Partiendo de la base de que tienes que ajustar tus expectativas a tu realidad, algo muy recomendable para tu salud mental y la de tus hijos, vayamos ahora en busca de soluciones para poder teletrabajar con los menores de la familia revoloteando alrededor. “La cuestión es el margen de atención del niño que está en función de su edad. Los bebés, por ejemplo, duermen más y pueden estar con nosotros mientras trabajamos sentados en su trona, durmiendo en el carrito, incluso cogidos en brazos en momentos puntuales. Por su parte, los niños que se encuentran en la franja de uno a tres años son los más complicados, porque es una franja de edad en la que están en plena exploración del medio, y eso es lo sano para su nivel de desarrollo, que exploren, lo cual quiere decir que trastean y requieren de nuestra atención”, explica la psicóloga María Martín, profesora colaboradora de la UOC.

Si tus hijos se encuentran en esa etapa “conflictiva”, algo que puede ayudarte en tu caso es fijarte bien en qué actividades de exploración entretienen más al niño o le hacen permanecer más tiempo con la atención fijada en algo. Usa esas actividades para los momentos en los que tienes que estar completamente concentrada en lo que haces. Puede ser cualquier cosa que le guste al niño: los hay que se entretienen sacando la ropa del armario y volviéndola a meter, o metiendo unas cacerolas dentro de otras o tuppers, vaciando y llenando cajones… asimila el desorden como algo inherente a tu vida, respira hondo y, cuando tengas un pico de trabajo, recurre a este as en la manga.

Planifica tu horario y el suyo (de forma realista)

En el momento de planificar tu jornada laboral olvídate de los tramos de seis horas y piensa en franjas de una hora y media o dos con pausas entre ellas. La clave es distribuir nuestro horario de una forma diferente a la habitual intentando tener en cuenta los ritmos del niño.
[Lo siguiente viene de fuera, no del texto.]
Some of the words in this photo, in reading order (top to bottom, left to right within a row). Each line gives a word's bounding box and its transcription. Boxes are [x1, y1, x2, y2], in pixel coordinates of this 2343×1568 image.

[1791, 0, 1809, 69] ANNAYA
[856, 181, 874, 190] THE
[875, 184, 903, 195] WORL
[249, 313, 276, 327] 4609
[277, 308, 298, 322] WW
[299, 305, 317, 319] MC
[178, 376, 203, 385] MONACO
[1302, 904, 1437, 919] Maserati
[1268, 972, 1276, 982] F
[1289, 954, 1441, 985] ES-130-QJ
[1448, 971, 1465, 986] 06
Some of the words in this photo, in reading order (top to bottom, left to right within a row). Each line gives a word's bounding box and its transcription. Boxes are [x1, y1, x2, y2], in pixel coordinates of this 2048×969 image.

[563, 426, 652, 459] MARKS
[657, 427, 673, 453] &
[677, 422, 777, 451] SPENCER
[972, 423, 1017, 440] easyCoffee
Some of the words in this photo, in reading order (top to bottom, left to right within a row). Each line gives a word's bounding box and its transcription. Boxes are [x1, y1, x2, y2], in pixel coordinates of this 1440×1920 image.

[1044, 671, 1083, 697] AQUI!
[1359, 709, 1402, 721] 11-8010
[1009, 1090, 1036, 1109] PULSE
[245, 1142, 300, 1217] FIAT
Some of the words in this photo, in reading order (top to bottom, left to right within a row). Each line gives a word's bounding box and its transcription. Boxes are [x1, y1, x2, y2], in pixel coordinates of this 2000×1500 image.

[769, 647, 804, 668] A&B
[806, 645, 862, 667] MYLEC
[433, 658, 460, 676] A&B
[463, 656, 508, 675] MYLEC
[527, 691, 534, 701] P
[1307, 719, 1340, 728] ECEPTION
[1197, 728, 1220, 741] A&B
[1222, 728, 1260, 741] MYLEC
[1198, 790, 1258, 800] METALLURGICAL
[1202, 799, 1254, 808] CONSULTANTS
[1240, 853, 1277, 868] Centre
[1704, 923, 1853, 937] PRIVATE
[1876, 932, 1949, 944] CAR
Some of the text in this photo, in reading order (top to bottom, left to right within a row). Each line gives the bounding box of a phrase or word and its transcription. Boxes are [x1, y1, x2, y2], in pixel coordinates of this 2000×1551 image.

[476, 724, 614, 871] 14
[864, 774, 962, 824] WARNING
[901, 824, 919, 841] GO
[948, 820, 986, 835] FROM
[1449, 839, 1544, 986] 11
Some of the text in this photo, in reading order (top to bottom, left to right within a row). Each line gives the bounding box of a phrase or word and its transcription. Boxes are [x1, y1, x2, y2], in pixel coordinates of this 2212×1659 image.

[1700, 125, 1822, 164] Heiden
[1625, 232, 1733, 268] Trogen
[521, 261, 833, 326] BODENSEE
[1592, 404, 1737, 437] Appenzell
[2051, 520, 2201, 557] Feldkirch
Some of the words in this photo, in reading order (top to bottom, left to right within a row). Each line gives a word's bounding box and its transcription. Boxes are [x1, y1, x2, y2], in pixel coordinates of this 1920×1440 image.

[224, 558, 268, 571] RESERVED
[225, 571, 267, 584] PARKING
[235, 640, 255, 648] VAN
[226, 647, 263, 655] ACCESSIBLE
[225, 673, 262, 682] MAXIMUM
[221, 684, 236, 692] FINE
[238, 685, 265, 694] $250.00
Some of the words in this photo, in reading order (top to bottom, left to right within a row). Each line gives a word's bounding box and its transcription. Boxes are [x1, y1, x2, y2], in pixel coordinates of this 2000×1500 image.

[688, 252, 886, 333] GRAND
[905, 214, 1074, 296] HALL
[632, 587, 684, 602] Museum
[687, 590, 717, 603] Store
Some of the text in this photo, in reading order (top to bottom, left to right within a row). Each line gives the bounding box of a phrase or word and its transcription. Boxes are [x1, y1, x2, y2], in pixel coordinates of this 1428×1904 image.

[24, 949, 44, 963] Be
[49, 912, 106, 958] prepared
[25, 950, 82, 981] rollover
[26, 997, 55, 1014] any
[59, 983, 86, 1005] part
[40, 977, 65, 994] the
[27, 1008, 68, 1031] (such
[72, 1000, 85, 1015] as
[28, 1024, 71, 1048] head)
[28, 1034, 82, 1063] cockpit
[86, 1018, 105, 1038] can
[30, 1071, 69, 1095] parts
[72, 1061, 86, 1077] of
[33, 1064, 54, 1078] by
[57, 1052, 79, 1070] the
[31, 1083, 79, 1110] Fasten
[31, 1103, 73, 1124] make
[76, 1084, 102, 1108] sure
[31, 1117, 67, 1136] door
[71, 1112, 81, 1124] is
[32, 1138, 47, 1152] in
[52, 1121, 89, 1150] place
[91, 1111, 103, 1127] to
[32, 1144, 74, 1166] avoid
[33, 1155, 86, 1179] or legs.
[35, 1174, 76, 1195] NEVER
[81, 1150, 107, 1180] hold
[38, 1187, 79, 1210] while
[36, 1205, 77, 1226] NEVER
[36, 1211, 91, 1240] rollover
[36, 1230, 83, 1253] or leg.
Insistimos, teletrabajar con niños en confinamiento no es lo mismo que teletrabajar. “Teletrabajar con niños implica que las franjas que vamos a tener libres para poder concentrarnos van a ser más cortas. Y eso es una realidad. Nuestro objetivo prioritario no debe ser la productividad, sino que todos mantengamos la calma, que haya una buena dinámica para luego intentar rendir al máximo. Pero si lo que intentamos es rendir como cuando estábamos en la oficina nos vamos a poner nerviosas, vamos a tener actitudes con ellos que les van a hacer notar ese nerviosismo y vamos a romper esa calma”, asegura la psicóloga María Martín.

Para maximizar tu productividad no cedas el control a la improvisación, planifica bien cada jornada. Si el niño ya tiene adquirido el concepto de paso del tiempo le ayudará a entender la situación ponerle un horario mientras dura nuestra jornada laboral. No hay que dejar el reparto del tiempo a la improvisación, hay que distribuirlo, y eso también sirve para ponernos límites a nosotros mismos, porque podemos caer en la tentación de pasarnos el día trabajando sin parar para compensar.

“Lo más importante es que nos relajemos con nuestro nivel de exigencia como madres y trabajadoras. Somos las madres que podemos en las circunstancias de crisis en las que estamos. Fustigarnos no nos sirve para nada, aunque esa culpabilidad que sentimos solo muestra que queremos hacerlo todo bien y ser responsables. Pues bien, utilicemos esa responsabilidad para poner límite a nuestro trabajo y poder dedicarles también tiempo a nuestros hijos”, asegura la experta.

Prometer una recompensa final al esfuerzo también funciona. Los niños son muy receptivos a la novedad, a la sorpresa. Piensa en cosas que puedan hacer mientras tú trabajas y después asegúrate de que cuando acabéis vuestras tareas vais a hacer algo juntos, usa el refuerzo positivo a tu favor… y quizá así consigas hacer una jornada de trabajo completa (más o menos).